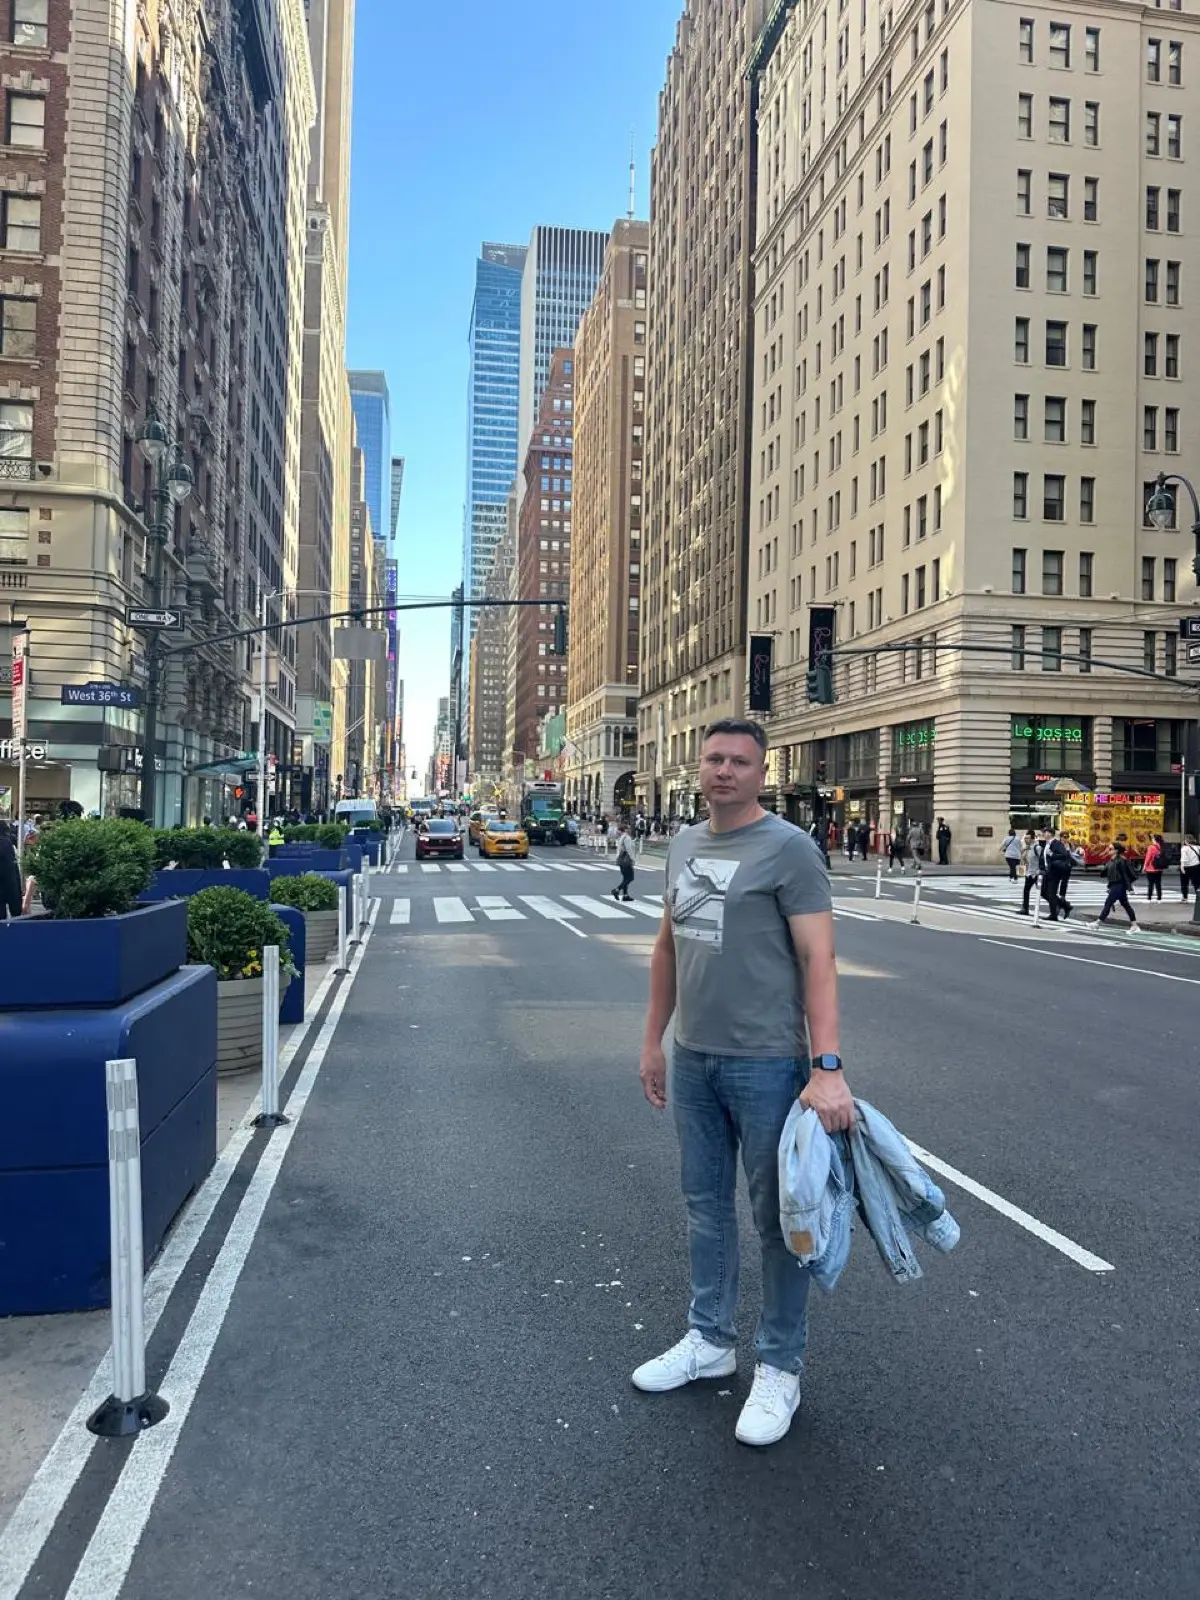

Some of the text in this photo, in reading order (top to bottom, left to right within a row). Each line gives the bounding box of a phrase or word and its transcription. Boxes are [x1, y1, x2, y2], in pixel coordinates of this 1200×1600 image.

[68, 689, 132, 702] West 36th St
[1014, 724, 1082, 741] Legasea
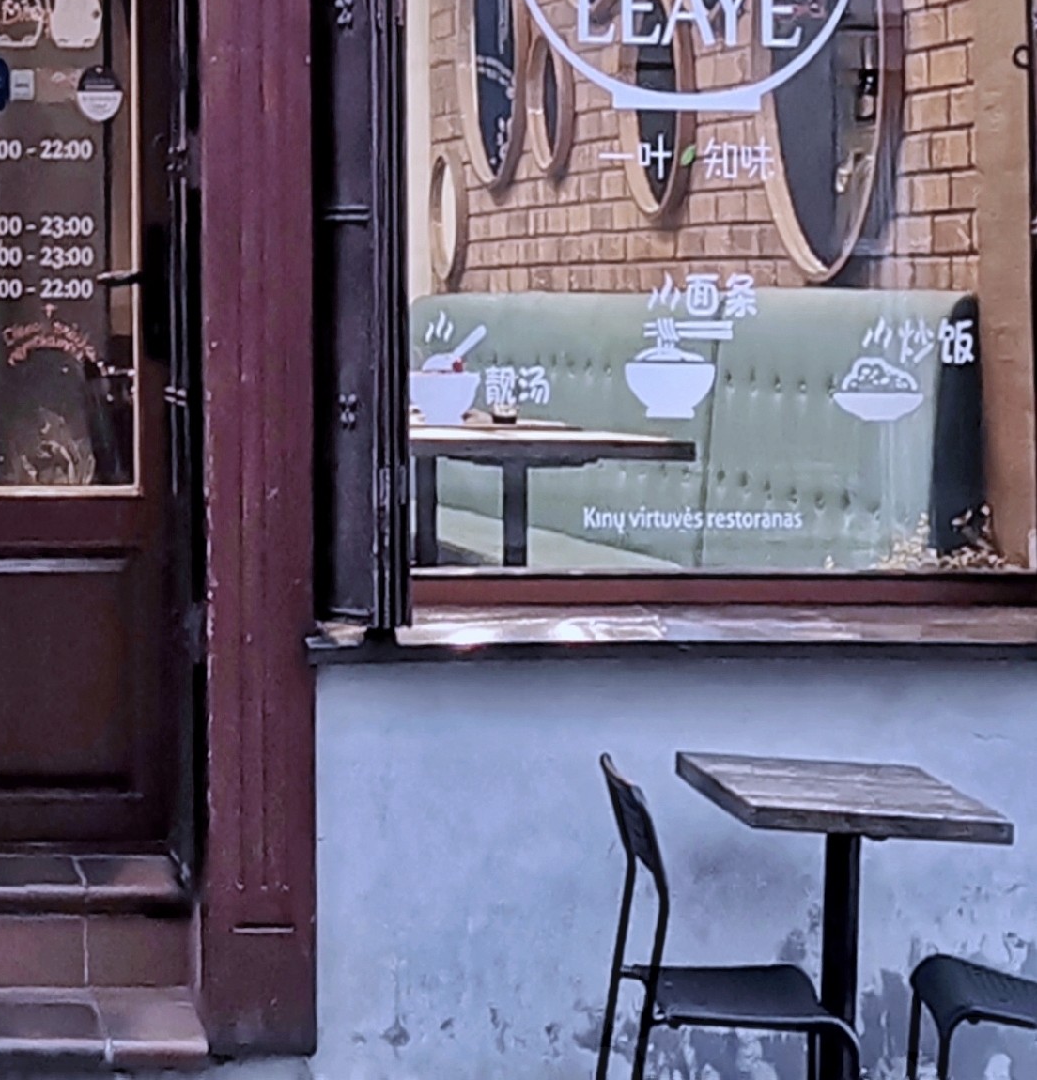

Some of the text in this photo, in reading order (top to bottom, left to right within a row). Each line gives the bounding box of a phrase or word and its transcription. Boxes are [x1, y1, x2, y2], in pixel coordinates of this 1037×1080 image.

[40, 139, 94, 160] 22:00
[598, 133, 775, 182] 一叶 知味
[40, 215, 94, 239] 23:00
[40, 246, 94, 270] 23:00
[40, 279, 94, 300] 22:00
[685, 273, 758, 317] 面条
[898, 315, 975, 364] 炒饭
[485, 366, 550, 405] 靓汤
[583, 506, 803, 533] Kinų virtuvės restoranas
____________________
*PROBLEM TO WORK ON:*
Only the pictures should be left out; the rest of the material above must be repeated exactly.

*EXPECTED OUTPUT:*
Some of the text in this photo, in reading order (top to bottom, left to right within a row). Each line gives the bounding box of a phrase or word and its transcription. Boxes are [x1, y1, x2, y2], in pixel coordinates of this 1200×1600 image.

[68, 689, 132, 702] West 36th St
[1014, 724, 1082, 741] Legasea

Some of the text in this photo, in reading order (top to bottom, left to right within a row). Each line gives the bounding box of a phrase or word and its transcription. Boxes are [x1, y1, x2, y2], in pixel coordinates of this 1037×1080 image.

[40, 139, 94, 160] 22:00
[598, 133, 775, 182] 一叶 知味
[40, 215, 94, 239] 23:00
[40, 246, 94, 270] 23:00
[40, 279, 94, 300] 22:00
[685, 273, 758, 317] 面条
[898, 315, 975, 364] 炒饭
[485, 366, 550, 405] 靓汤
[583, 506, 803, 533] Kinų virtuvės restoranas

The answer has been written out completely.